An exact copy of every entry below is required, and no picture may appear in it.

>>>>>

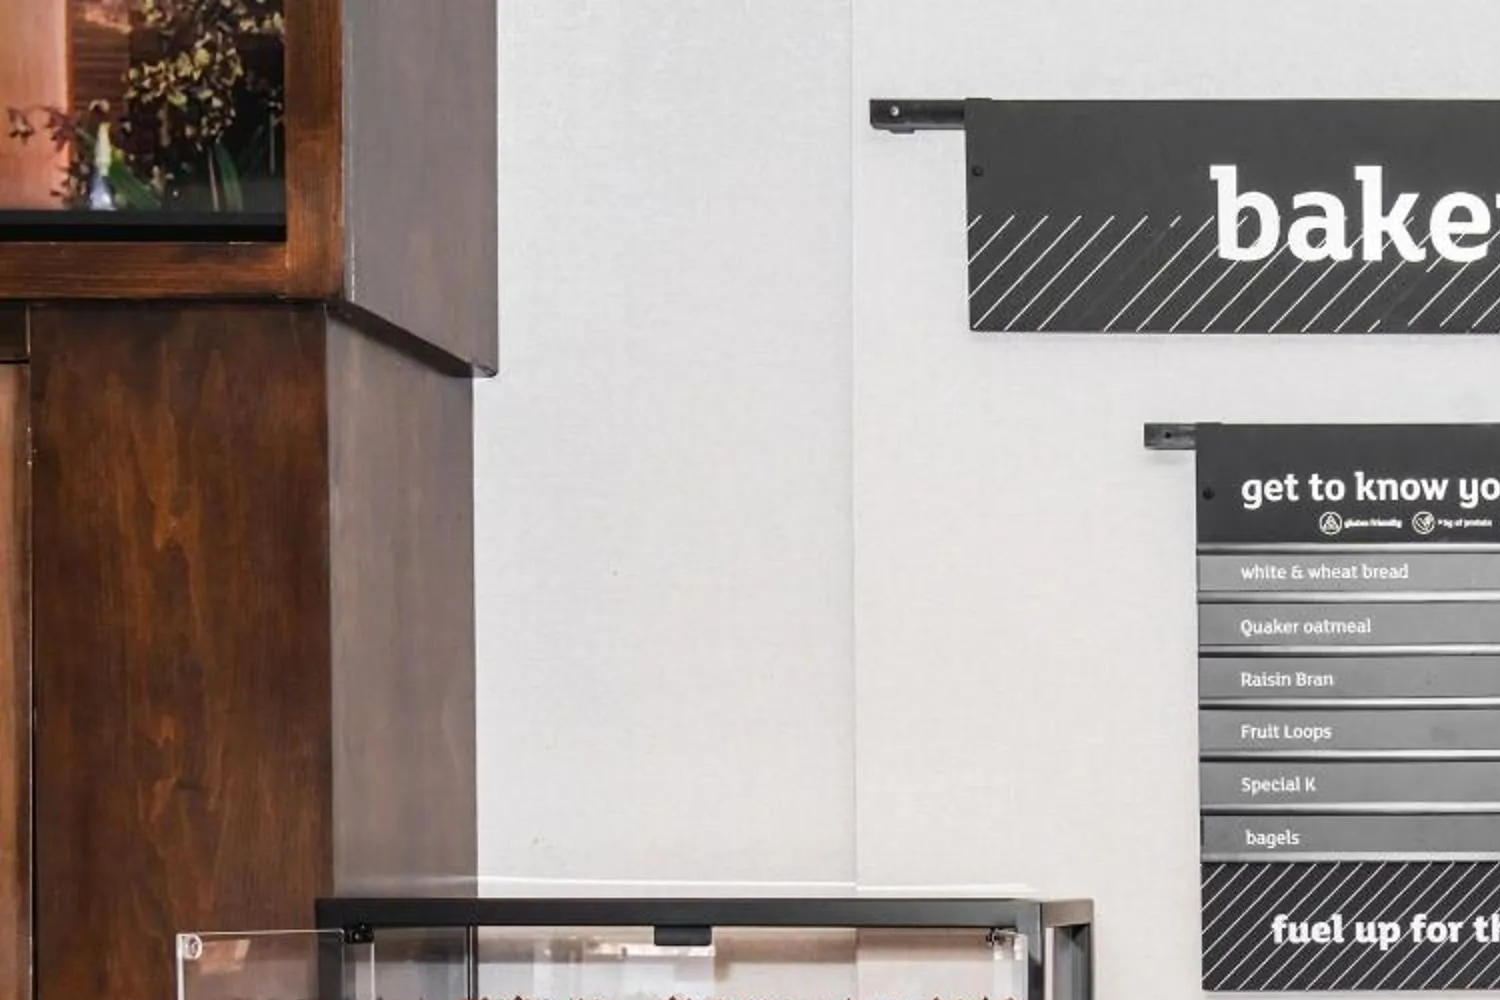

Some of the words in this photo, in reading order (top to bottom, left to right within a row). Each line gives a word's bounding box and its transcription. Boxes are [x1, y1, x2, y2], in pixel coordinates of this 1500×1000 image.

[1241, 473, 1299, 510] get
[1308, 473, 1345, 501] to
[1354, 471, 1449, 501] know
[1241, 563, 1287, 580] white
[1291, 565, 1303, 580] &
[1308, 563, 1359, 580] wheat
[1361, 563, 1409, 580] bread
[1240, 618, 1298, 637] Quaker
[1303, 617, 1372, 634] oatmeal
[1241, 671, 1292, 688] Raisin
[1295, 671, 1334, 688] Bran
[1241, 723, 1280, 740] Fruit
[1284, 724, 1333, 743] Loops
[1241, 776, 1300, 796] Special
[1304, 776, 1317, 793] K
[1245, 829, 1300, 849] bagels
[1272, 913, 1345, 944] fuel
[1355, 921, 1401, 951] up
[1410, 913, 1464, 943] for
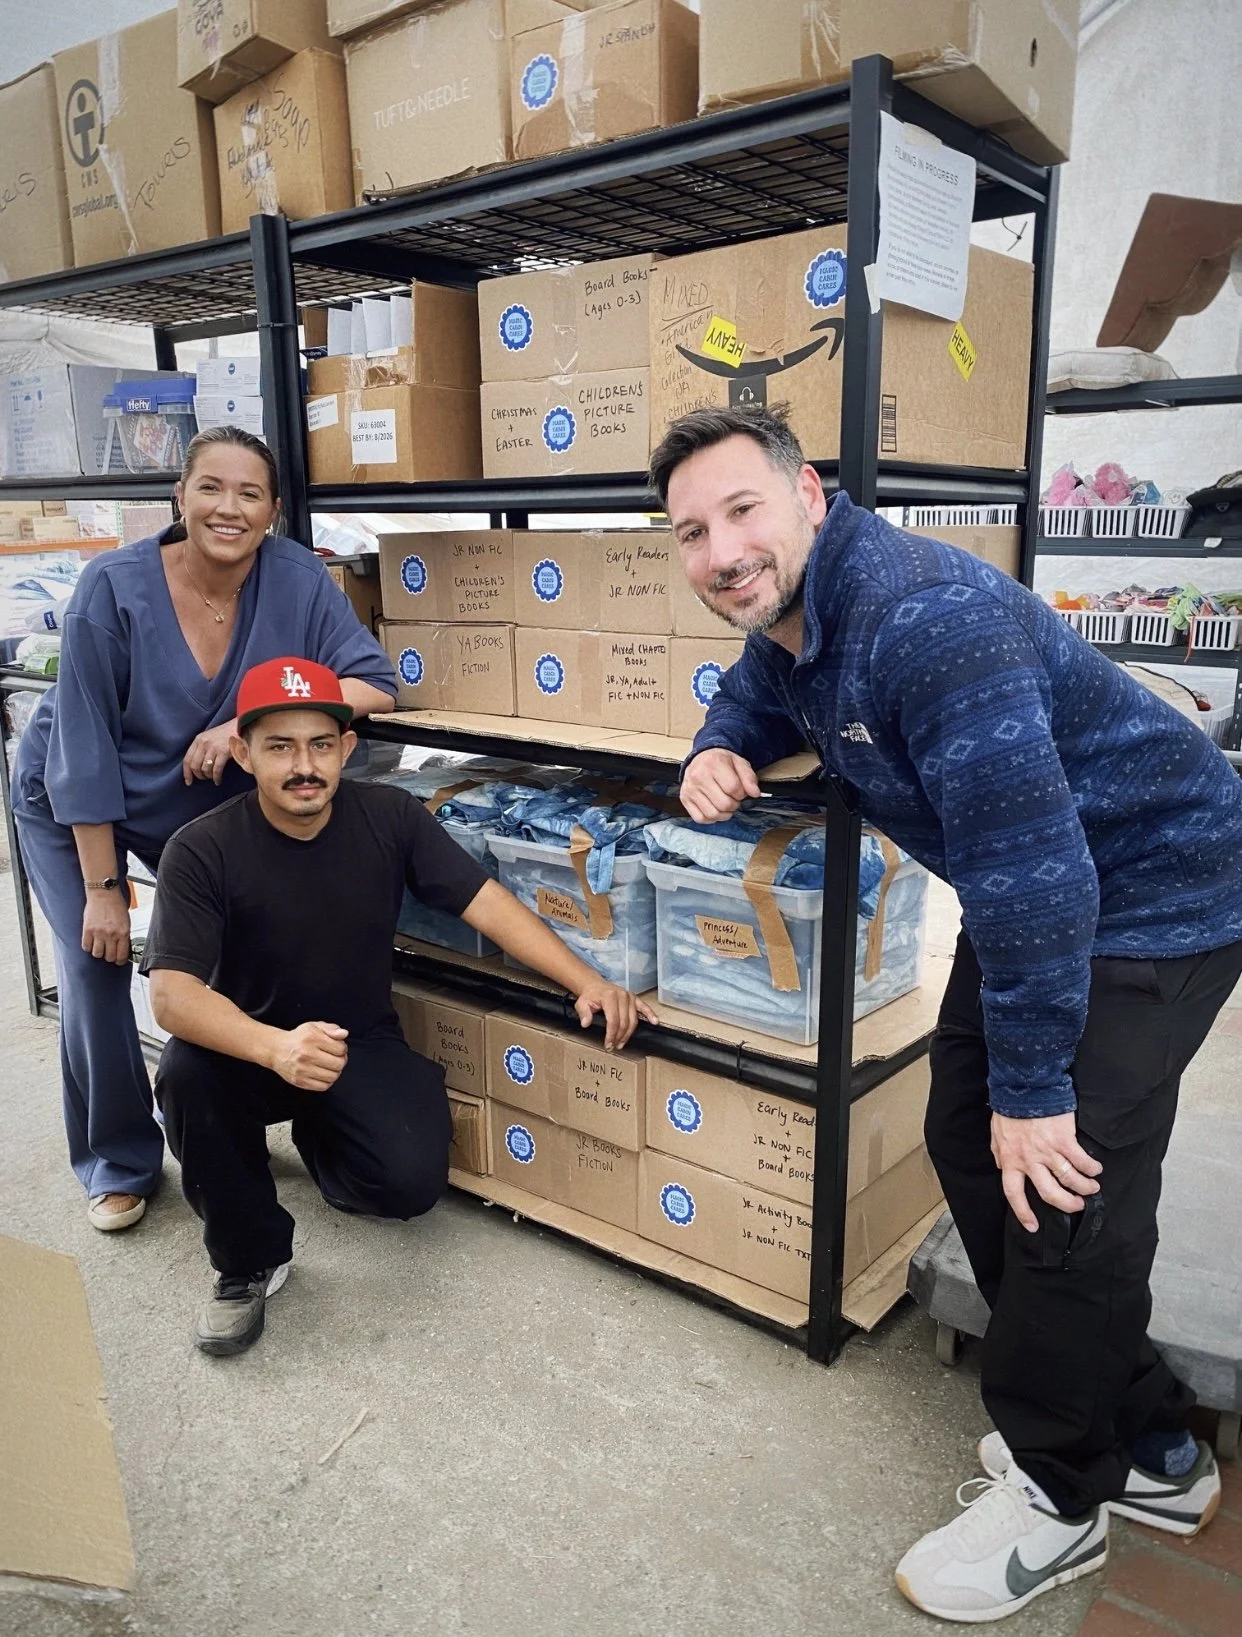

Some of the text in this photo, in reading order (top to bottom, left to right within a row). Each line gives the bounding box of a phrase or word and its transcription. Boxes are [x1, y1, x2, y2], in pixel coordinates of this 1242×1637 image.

<<<<<

* EXERCISE SOLUTION
Some of the words in this photo, in reading order (top to bottom, left to right within a row). Each line gives a word's bounding box and its transcription. Boxes are [x1, y1, x2, y2], in pixel coordinates of this 1500×1000 image.

[1241, 473, 1299, 510] get
[1308, 473, 1345, 501] to
[1354, 471, 1449, 501] know
[1241, 563, 1287, 580] white
[1291, 565, 1303, 580] &
[1308, 563, 1359, 580] wheat
[1361, 563, 1409, 580] bread
[1240, 618, 1298, 637] Quaker
[1303, 617, 1372, 634] oatmeal
[1241, 671, 1292, 688] Raisin
[1295, 671, 1334, 688] Bran
[1241, 723, 1280, 740] Fruit
[1284, 724, 1333, 743] Loops
[1241, 776, 1300, 796] Special
[1304, 776, 1317, 793] K
[1245, 829, 1300, 849] bagels
[1272, 913, 1345, 944] fuel
[1355, 921, 1401, 951] up
[1410, 913, 1464, 943] for

Some of the text in this photo, in reading order (top to bottom, left to right within a row). Each line gives the bounding box of a phrase or word and its transcription. Boxes are [x1, y1, x2, y2], in pixel coordinates of this 1242×1637 image.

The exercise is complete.